Package {ArvindSt}


Title: Five Novel Stochastic Regression Models with Arvind-Distributed Errors and Effects
Version: 1.0.0
Description: Implements the 'Arvind' distribution and five novel stochastic regression models that replace the traditional Gaussian error assumption with 'Arvind'-distributed errors. The 'Arvind' distribution is a flexible single-parameter continuous distribution on the positive real line characterised by a polynomial numerator with Gaussian-type decay. The package provides complete distribution functions (darvind(), parvind(), qarvind(), rarvind()), maximum likelihood estimation via fit_arvind_mle(), and five model-fitting routines: Random Walk on Coefficients via fit_rw1(), Time-Varying Coefficient Linear Model via fit_tvlm(), Simulation-Extrapolation via fit_simex(), Mixed-Effects Regression via fit_mixed(), and Regime-Switching Hidden Markov Model via fit_hmm(). Additionally provides Monte Carlo forecasting with prediction intervals via forecast_arvind(), comprehensive goodness-of-fit diagnostics (21 metrics and 25 plots) via diagnostics_arvind() and plot_arvind(), k-fold and rolling-window cross-validation via cv_arvind(), and unified model comparison via summary_arvind().
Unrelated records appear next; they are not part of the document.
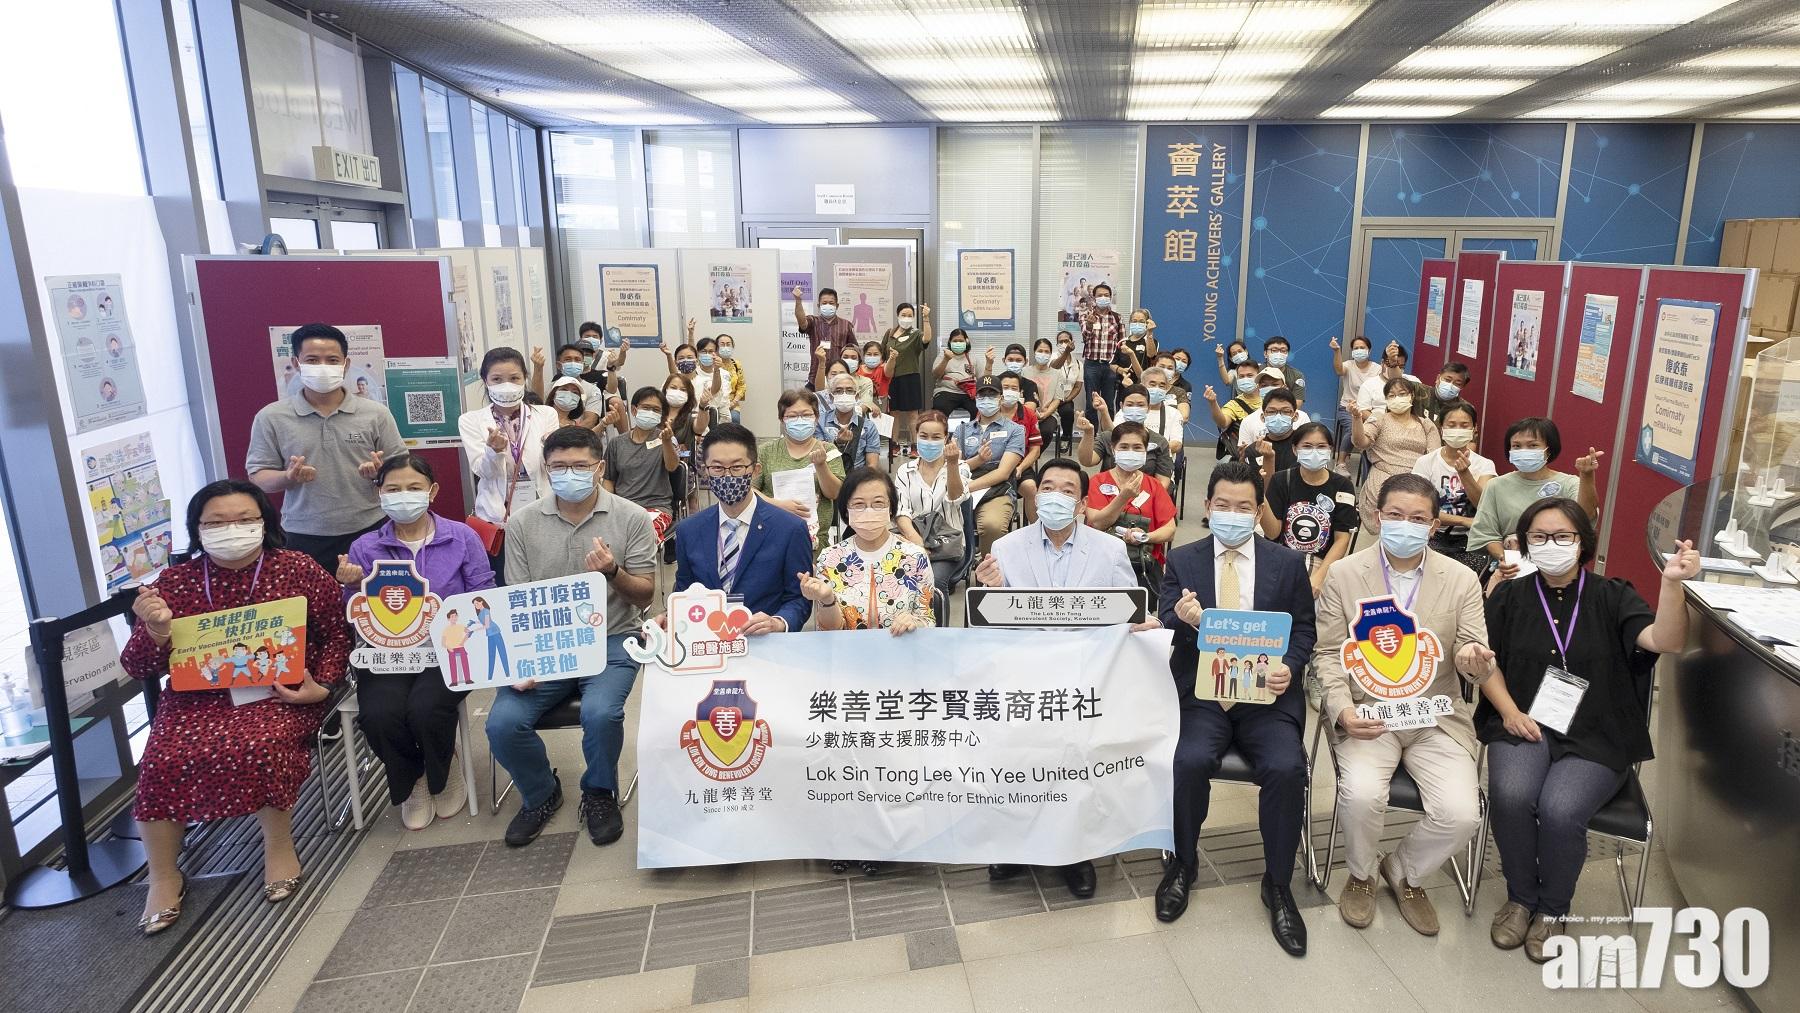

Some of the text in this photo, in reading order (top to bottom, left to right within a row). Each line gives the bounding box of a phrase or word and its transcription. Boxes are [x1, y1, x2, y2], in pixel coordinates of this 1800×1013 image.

[335, 153, 379, 183] EXIT 出口
[1210, 143, 1227, 206] GALLERY
[1163, 143, 1202, 262] 薈萃館
[617, 314, 646, 322] Comirnaty
[1203, 292, 1218, 342] YOUNG
[786, 341, 806, 350] Zone
[783, 362, 810, 372] 休息區
[1655, 403, 1685, 425] Comirnaty
[384, 587, 408, 611] 善
[508, 581, 591, 610] 齊打疫苗
[1007, 595, 1107, 610] 九龍樂善堂
[197, 608, 257, 632] 全城起動
[225, 615, 284, 638] 快打疫苗
[511, 606, 573, 633] 誇啦啦
[1205, 616, 1267, 634] Let's get
[177, 646, 197, 655] Early
[198, 637, 241, 650] Vaccination
[255, 631, 265, 639] All
[514, 626, 597, 653] 一起保障
[692, 638, 746, 656] 贈醫施藥
[1205, 634, 1284, 648] vaccinated
[1375, 627, 1399, 654] 善
[354, 651, 439, 664] 九龍樂善堂
[516, 652, 578, 679] 你我他
[63, 660, 116, 688] ervation area
[808, 687, 1103, 722] 樂善堂李賢義裔群社
[1359, 698, 1451, 720] 九龍樂善堂
[714, 709, 738, 737] 善
[1400, 719, 1417, 727] 1880
[805, 729, 981, 749] 少數族裔支援服務中心
[718, 766, 754, 780] BENEVOLENT
[806, 754, 1145, 786] Lok Sin Tong Lee Yin Yee United Centre
[685, 786, 773, 805] 九龍樂善堂
[807, 790, 1068, 805] Support Service Centre for Ethnic Minorities
[703, 804, 755, 815] Since 1880 成立
For more details see Pandey, Singh, Tyagi, and Tyagi (2024) "Modelling climate, COVID-19, and reliability data: A new continuous lifetime model under different methods of estimation", Statistics and Applications, 22(2), https://ssca.org.in/journal.html.
License: MIT + file LICENSE
Depends: R (≥ 4.0.0)
Imports: stats, graphics, grDevices, utils, ggplot2, forecast, tvReg, lme4, depmixS4, reshape2, rlang
Suggests: testthat (≥ 3.0.0), knitr, rmarkdown
Config/testthat/edition: 3
Encoding: UTF-8
Language: en-US
RoxygenNote: 7.3.3
VignetteBuilder: knitr
NeedsCompilation: no
Packaged: 2026-05-05 17:16:50 UTC; 30017827
Author: Shikhar Tyagi ORCID iD [aut, cre], Arvind Pandey [aut]
Maintainer: Shikhar Tyagi <shikhar1093tyagi@gmail.com>
Repository: CRAN
Date/Publication: 2026-05-11 18:20:02 UTC

ArvindSt: Five Novel Stochastic Regression Models with Arvind-Distributed Errors and Effects

Description

Implements the 'Arvind' distribution and five novel stochastic regression models that replace the traditional Gaussian error assumption with 'Arvind'-distributed errors. The 'Arvind' distribution is a flexible single-parameter continuous distribution on the positive real line characterised by a polynomial numerator with Gaussian-type decay. The package provides complete distribution functions (darvind(), parvind(), qarvind(), rarvind()), maximum likelihood estimation via fit_arvind_mle(), and five model-fitting routines: Random Walk on Coefficients via fit_rw1(), Time-Varying Coefficient Linear Model via fit_tvlm(), Simulation-Extrapolation via fit_simex(), Mixed-Effects Regression via fit_mixed(), and Regime-Switching Hidden Markov Model via fit_hmm(). Additionally provides Monte Carlo forecasting with prediction intervals via forecast_arvind(), comprehensive goodness-of-fit diagnostics (21 metrics and 25 plots) via diagnostics_arvind() and plot_arvind(), k-fold and rolling-window cross-validation via cv_arvind(), and unified model comparison via summary_arvind(). For more details see Pandey, Singh, Tyagi, and Tyagi (2024), "Modelling climate, COVID-19, and reliability data: A new continuous lifetime model under different methods of estimation", 'Statistics and Applications', 22(2).

Author(s)

Maintainer: Shikhar Tyagi shikhar1093tyagi@gmail.com (ORCID)

Authors:

References

Pandey, A., Singh, R.P., Tyagi, S., and Tyagi, A. (2024). Modelling climate, COVID-19, and reliability data: A new continuous lifetime model under different methods of estimation. Statistics and Applications, 22(2).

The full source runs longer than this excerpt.